**ASSIGNMENT**
Restate, word for word, each entry that follows, but skip its pictures.

**RECORDS FOR THE EXERCISE**
■ ■ ■ ■

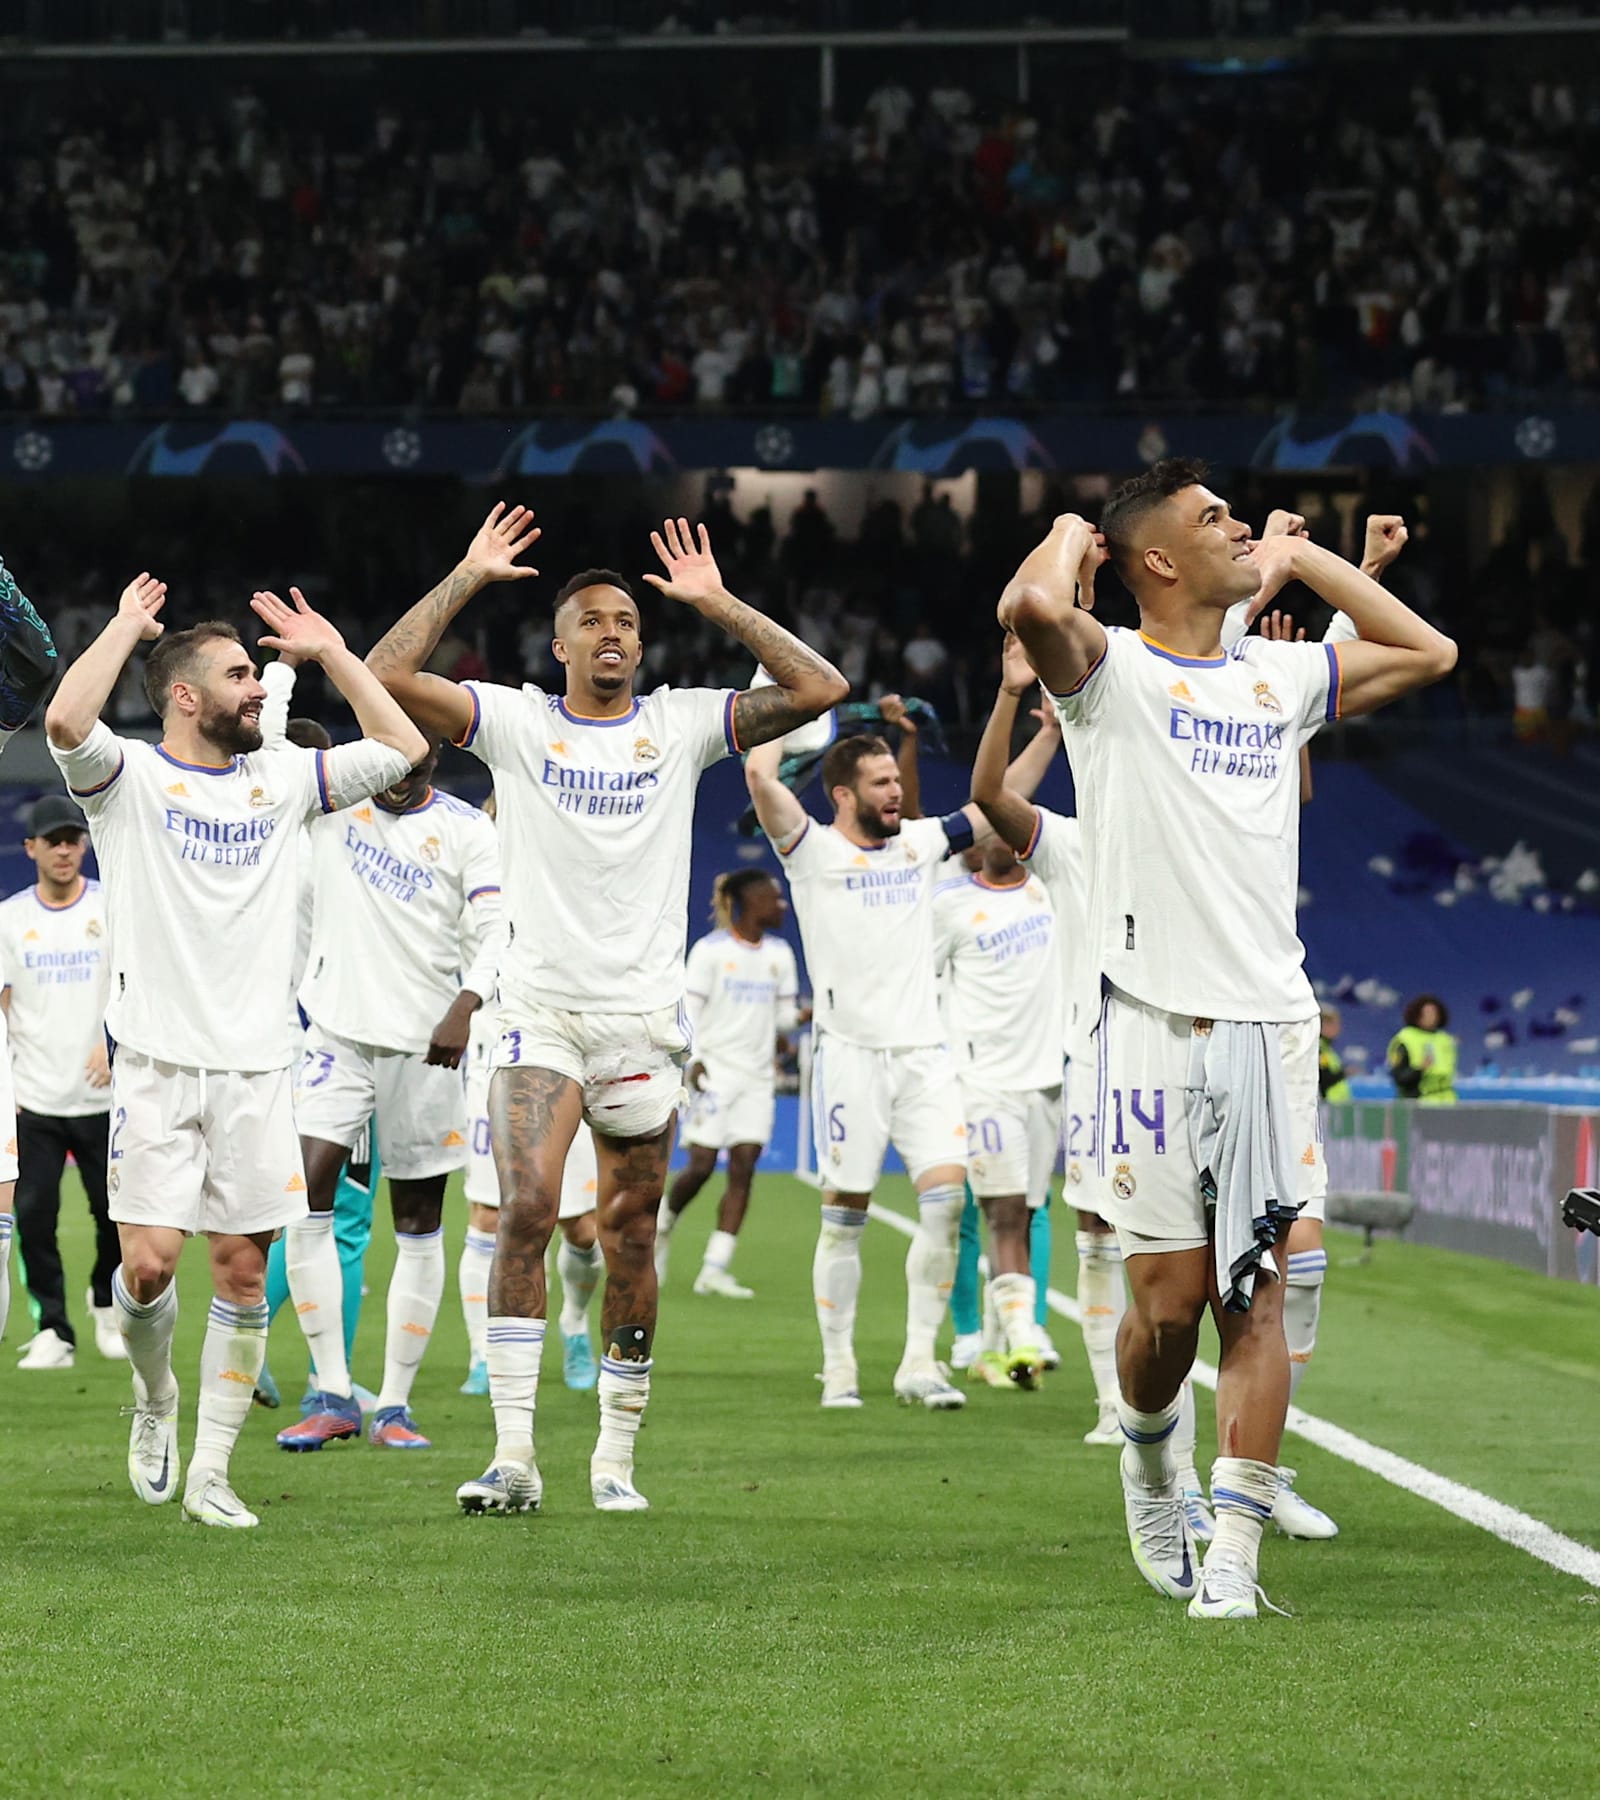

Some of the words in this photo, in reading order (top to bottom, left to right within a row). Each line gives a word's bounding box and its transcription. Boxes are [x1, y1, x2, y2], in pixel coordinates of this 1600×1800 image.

[1170, 708, 1284, 750] Emirates
[542, 758, 659, 791] Emirates
[1191, 748, 1220, 774] FLY
[1225, 752, 1279, 780] BETTER
[557, 792, 582, 814] FLY
[587, 794, 644, 815] BETTER
[165, 808, 276, 844] Emirates
[181, 839, 207, 862] FLY
[215, 844, 263, 866] BETTER
[344, 823, 434, 890] Emirates
[368, 868, 417, 904] BETTER
[846, 868, 922, 891] Emirates
[976, 912, 1053, 951] Emirates
[1112, 1088, 1166, 1155] 14

■ ■ ■ ■

**ANSWER AREA**
Some of the words in this photo, in reading order (top to bottom, left to right within a row). Each line gives a word's bounding box and its transcription. Boxes are [x1, y1, x2, y2], in pixel coordinates of this 1600×1800 image.

[1170, 708, 1284, 750] Emirates
[542, 758, 659, 791] Emirates
[1191, 748, 1220, 774] FLY
[1225, 752, 1279, 780] BETTER
[557, 792, 582, 814] FLY
[587, 794, 644, 815] BETTER
[165, 808, 276, 844] Emirates
[181, 839, 207, 862] FLY
[215, 844, 263, 866] BETTER
[344, 823, 434, 890] Emirates
[368, 868, 417, 904] BETTER
[846, 868, 922, 891] Emirates
[976, 912, 1053, 951] Emirates
[1112, 1088, 1166, 1155] 14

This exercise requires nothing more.